Extracted data
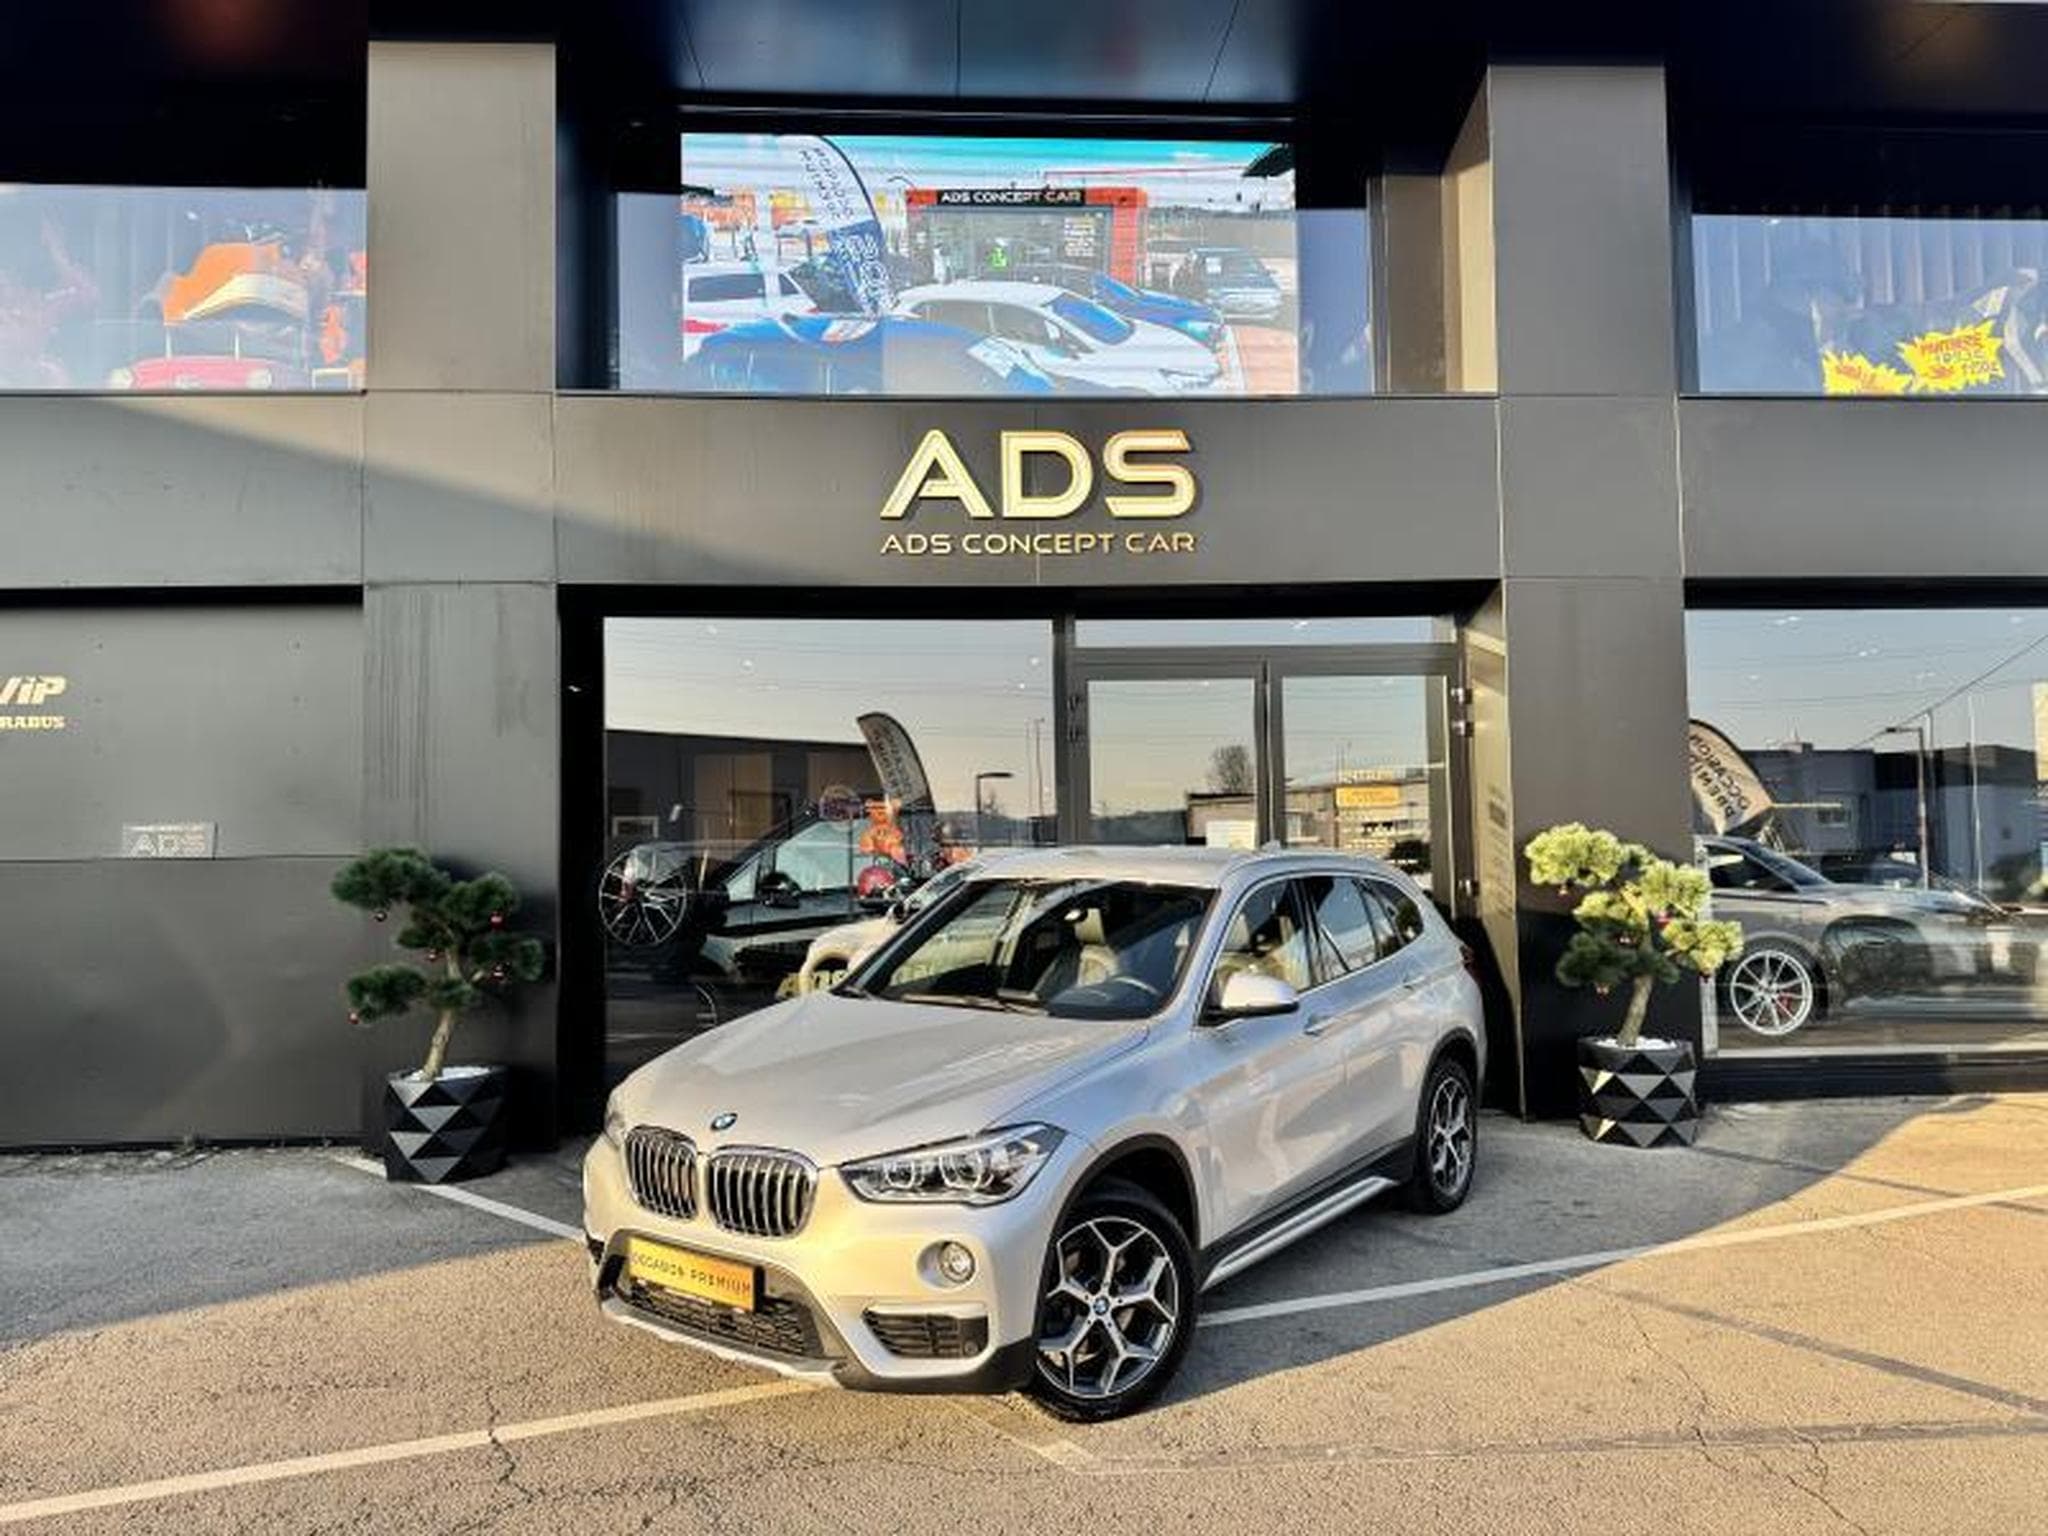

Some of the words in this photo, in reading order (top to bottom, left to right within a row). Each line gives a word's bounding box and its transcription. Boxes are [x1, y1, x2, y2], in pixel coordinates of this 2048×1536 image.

[941, 191, 970, 203] ADS
[973, 190, 1041, 203] CONCEPT
[1044, 189, 1081, 202] CAR
[880, 429, 1197, 517] ADS
[880, 534, 951, 555] ADS
[962, 533, 1114, 555] CONCEPT
[1125, 532, 1195, 553] CAR
[0, 715, 65, 729] RABUS

What the task asks
The result should be every entry, word for word, and no pictures.

Result for this exercise
Some of the words in this photo, in reading order (top to bottom, left to right within a row). Each line gives a word's bounding box and its transcription. Boxes are [x1, y1, x2, y2], in pixel coordinates of this 2048×1536 image.

[941, 191, 970, 203] ADS
[973, 190, 1041, 203] CONCEPT
[1044, 189, 1081, 202] CAR
[880, 429, 1197, 517] ADS
[880, 534, 951, 555] ADS
[962, 533, 1114, 555] CONCEPT
[1125, 532, 1195, 553] CAR
[0, 715, 65, 729] RABUS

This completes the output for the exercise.